··· Extracted material
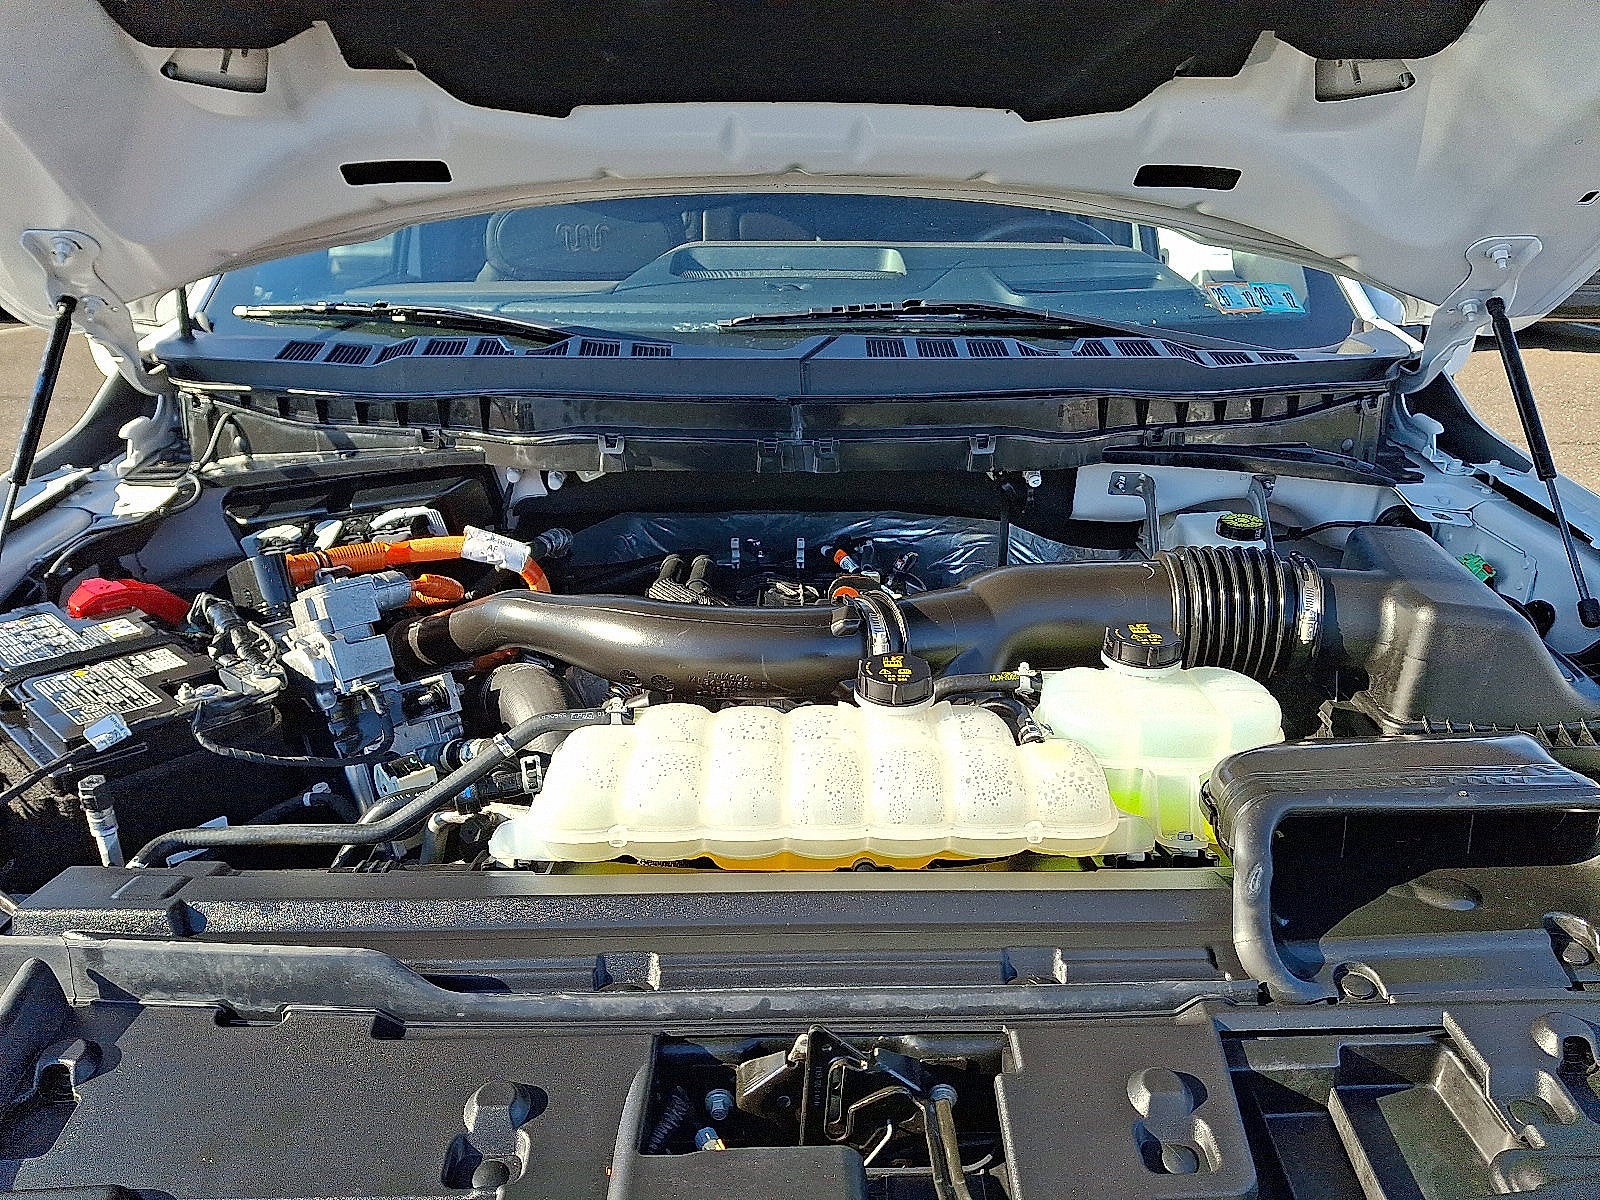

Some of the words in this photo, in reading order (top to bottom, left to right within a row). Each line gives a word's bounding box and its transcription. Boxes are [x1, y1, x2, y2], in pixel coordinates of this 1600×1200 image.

[1211, 287, 1232, 307] 26
[1241, 290, 1259, 308] 12
[1254, 286, 1273, 306] 26
[1282, 292, 1301, 308] 12
······
● What to do
Type out all of the records exactly, leaving out any picture.

● Reply
Some of the words in this photo, in reading order (top to bottom, left to right within a row). Each line gives a word's bounding box and its transcription. Boxes are [x1, y1, x2, y2], in pixel coordinates of this 1600×1200 image.

[1211, 287, 1232, 307] 26
[1241, 290, 1259, 308] 12
[1254, 286, 1273, 306] 26
[1282, 292, 1301, 308] 12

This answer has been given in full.